[Text-to-region grounding data]
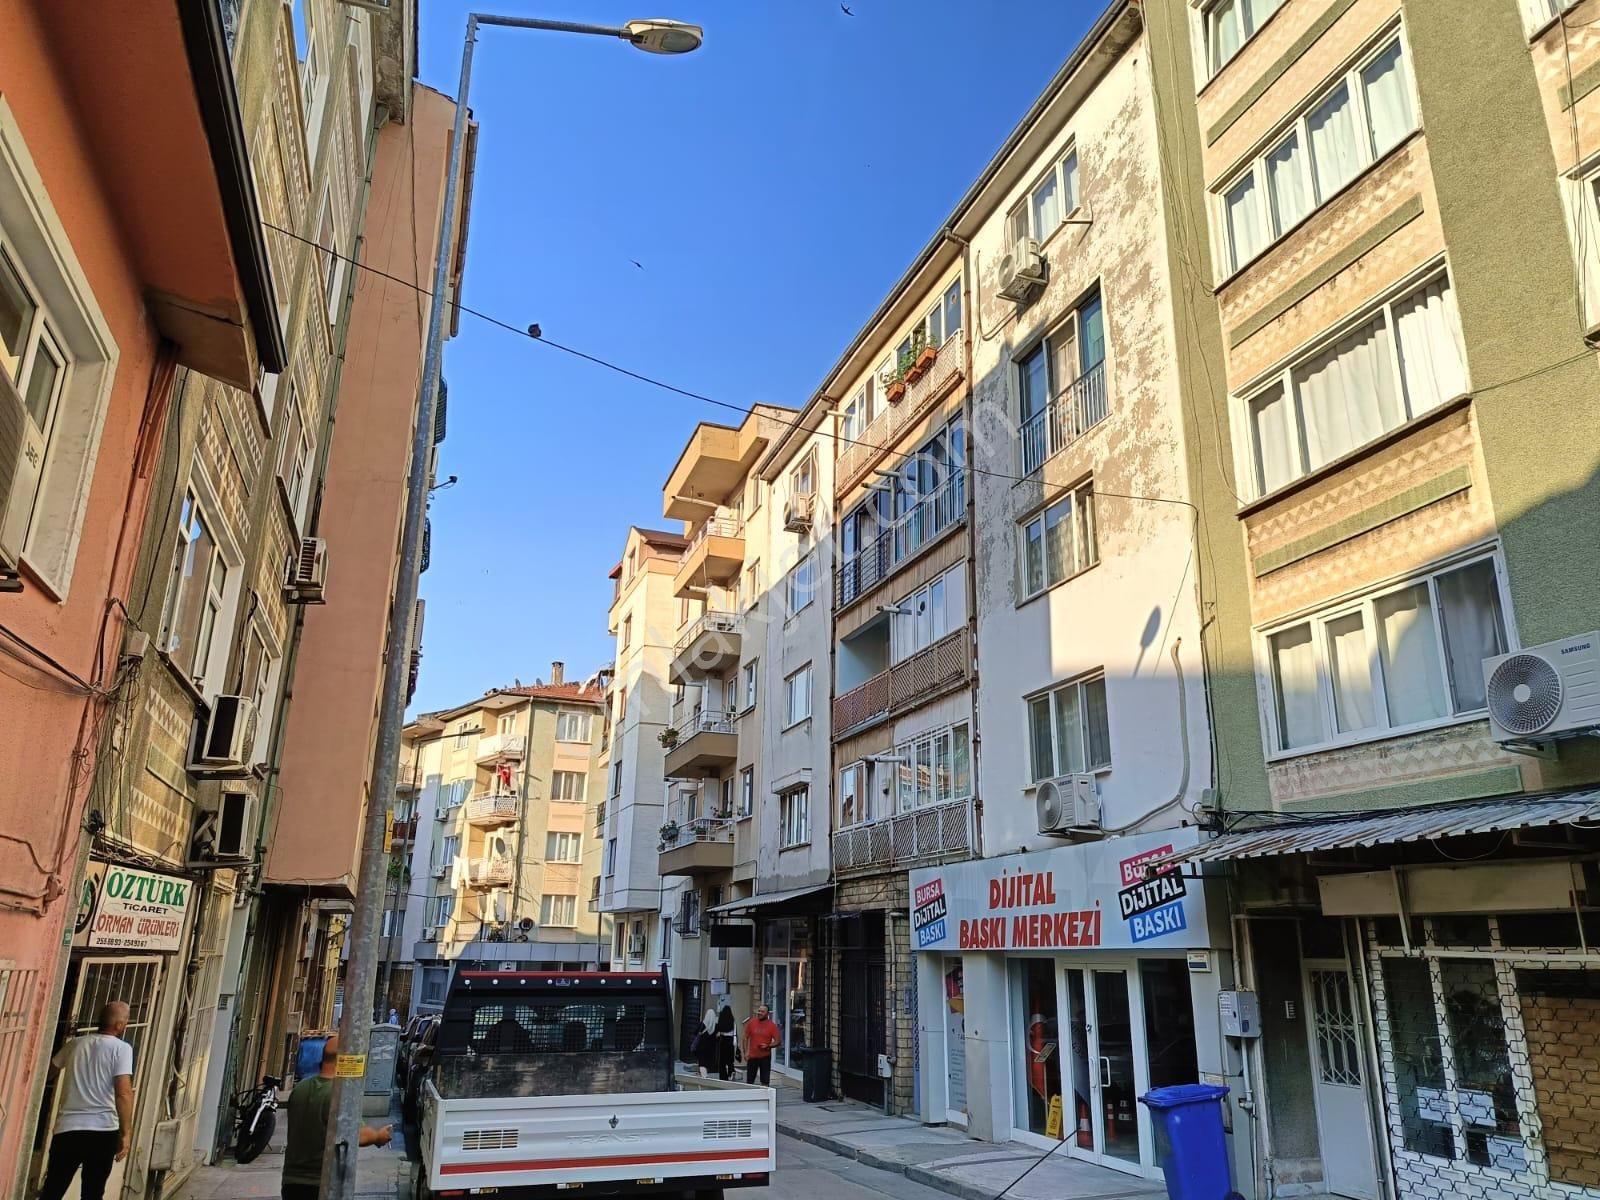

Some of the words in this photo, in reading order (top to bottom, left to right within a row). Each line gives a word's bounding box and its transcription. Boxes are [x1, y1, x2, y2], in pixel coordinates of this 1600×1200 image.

[1560, 642, 1591, 655] SAMSUNG
[107, 867, 188, 907] ÖZTÜRK
[916, 882, 940, 904] BURSA
[989, 866, 1056, 910] DİJİTAL
[96, 914, 134, 934] ORMAN
[920, 922, 944, 945] BASKI
[960, 917, 1006, 949] BASKI
[1012, 899, 1101, 948] MERKEZİ
[1133, 905, 1182, 939] BASKI

What to produce:
Transcribe every entry word for word, excluding images.

Result below:
Some of the words in this photo, in reading order (top to bottom, left to right within a row). Each line gives a word's bounding box and its transcription. Boxes are [x1, y1, x2, y2], in pixel coordinates of this 1600×1200 image.

[1560, 642, 1591, 655] SAMSUNG
[107, 867, 188, 907] ÖZTÜRK
[916, 882, 940, 904] BURSA
[989, 866, 1056, 910] DİJİTAL
[96, 914, 134, 934] ORMAN
[920, 922, 944, 945] BASKI
[960, 917, 1006, 949] BASKI
[1012, 899, 1101, 948] MERKEZİ
[1133, 905, 1182, 939] BASKI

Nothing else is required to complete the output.